さんの書評2026/04/13

反脆弱性を読んで

反脆弱性を読んで タイトルに引かれて、この本を手に取ってみた。この本は著者であるタレブ氏の名著である。ブラックスワンで提示された問題提義に対しての1つのアプローチである反脆弱性の考え方を紹介した作品である。内容は、不確実な世の中においては、あらゆる事象に対して反脆弱、頑健、脆弱(トライアド)を見極め、脆弱なものを反脆弱なものにできる限り移転させ、試行錯誤を繰り返して生きていくという考え方を示した作品である。 あくまで思考法を紹介した作品であるため、細かいロジックの体系的説明は限定的である。実用書というよりは思考の枠組みを提示する作品である。またバーベル戦略など本書特有の専門用語が多く、理解する上で難易度は高い。
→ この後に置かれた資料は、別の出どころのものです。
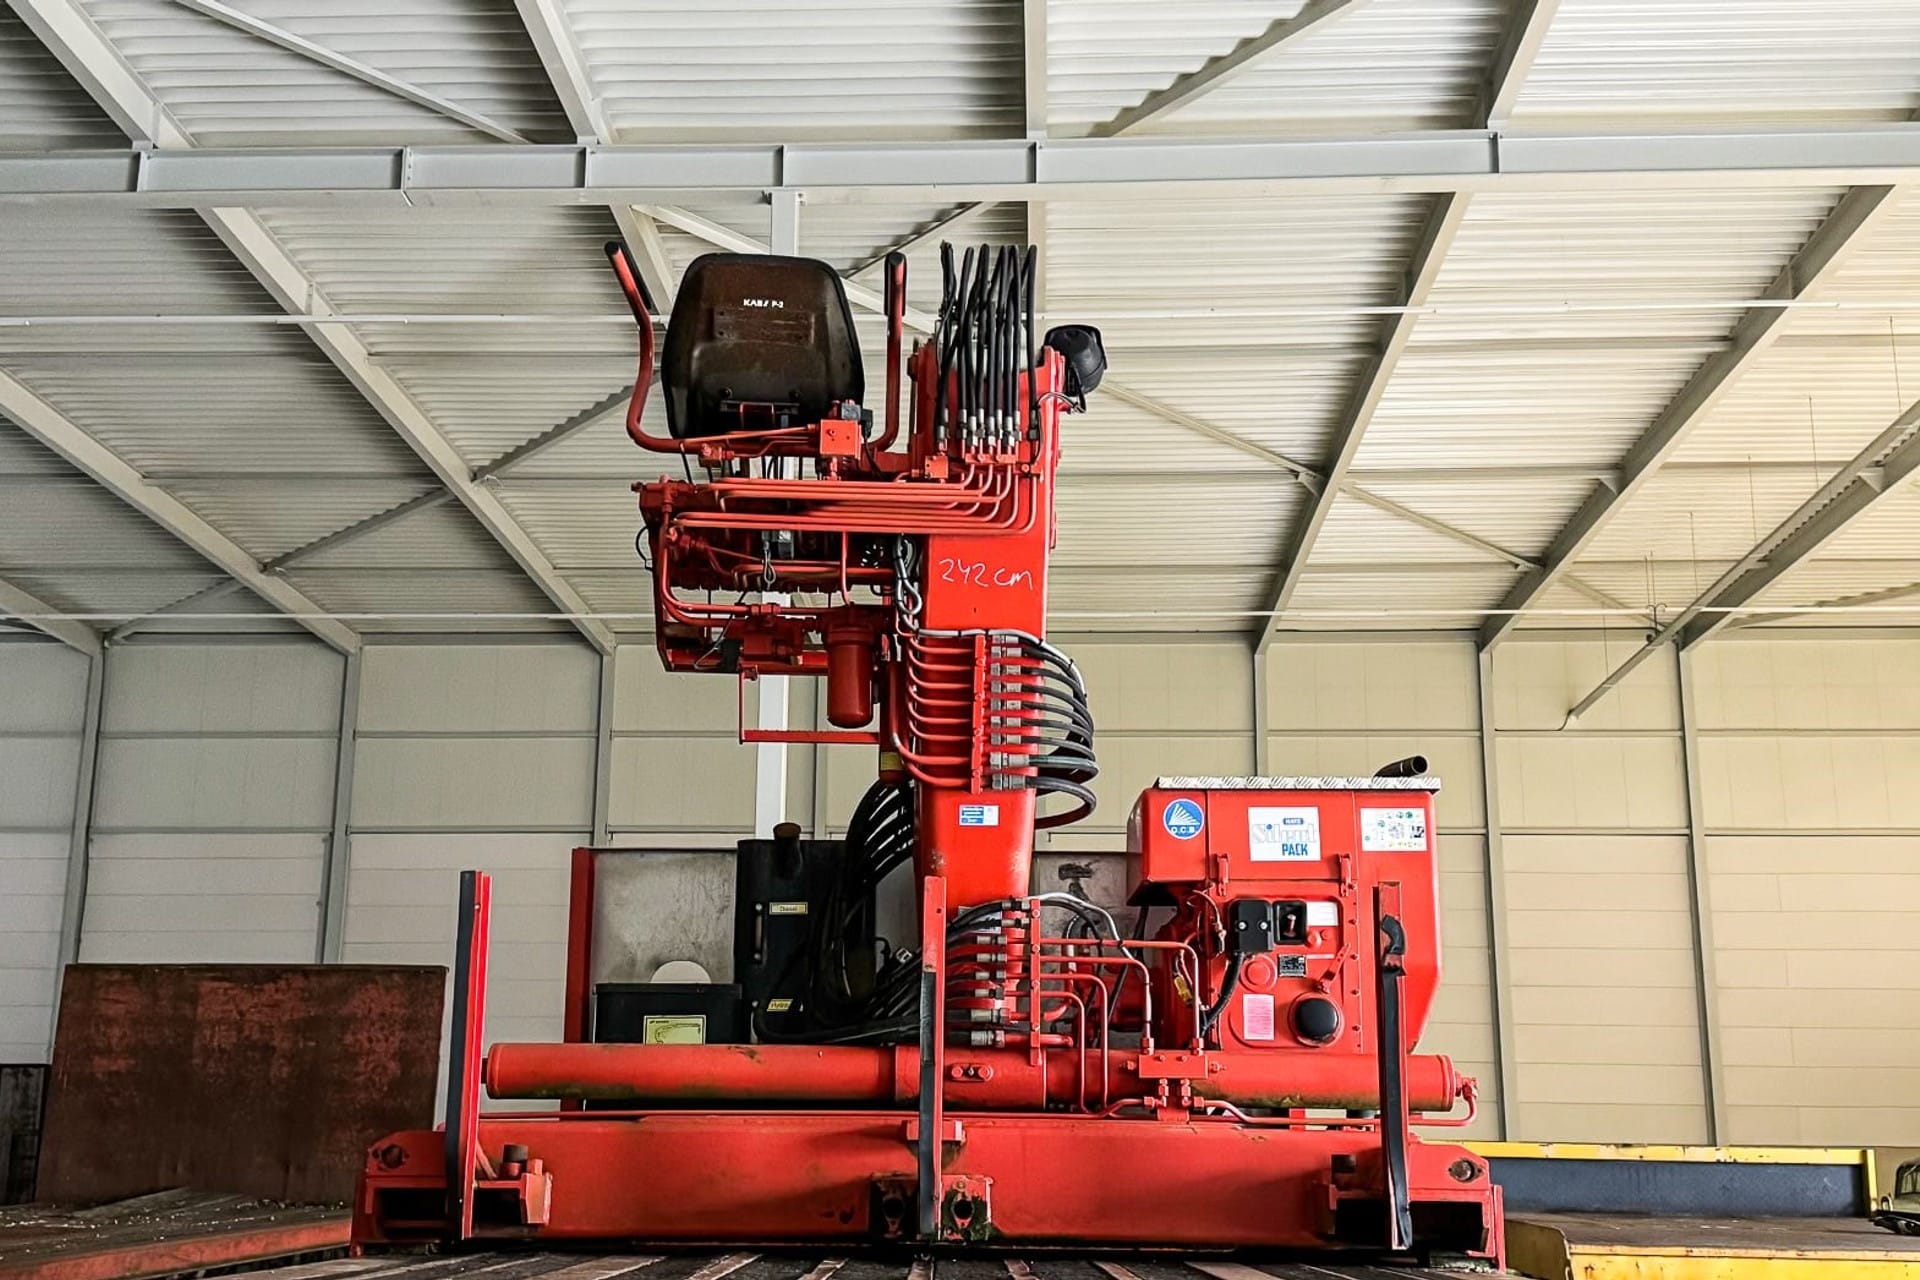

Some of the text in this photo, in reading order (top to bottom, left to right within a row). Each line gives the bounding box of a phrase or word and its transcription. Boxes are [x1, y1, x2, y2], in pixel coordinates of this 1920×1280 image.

[939, 558, 1033, 591] 242 cm
[1281, 843, 1308, 856] PACK
読み方として本書は上下2巻に分かれているが、下巻の付録で本書に登場するキーワードが解説とともにまとめられているため、付録と併読しながら読み進めることが有効である。 本書で紹介されたトライアドの考え方は非常にユニークである。特に反脆弱の概念は、不確実な環境のもとで予測に頼らず意思決定を行うための指針として興味深い。ただ気になった点は、試行錯誤を繰り返すための前提条件として「何度でも試せる環境」が暗黙的に置かれている点である。現実には試行にはリソース制約が伴うため、試行回数は有限である。本書ではこの点について明確な整理はなされていないため、実現可能性の観点では適用範囲は限定的である可能性がある。個人レベルに落とし込む際には、この制約をどのように扱うかが課題となる。 本書は不確実性の高い現代を生きる上での思考の枠組みを提示する一冊である。将来に不確実性を感じている人にとって示唆を与える作品である。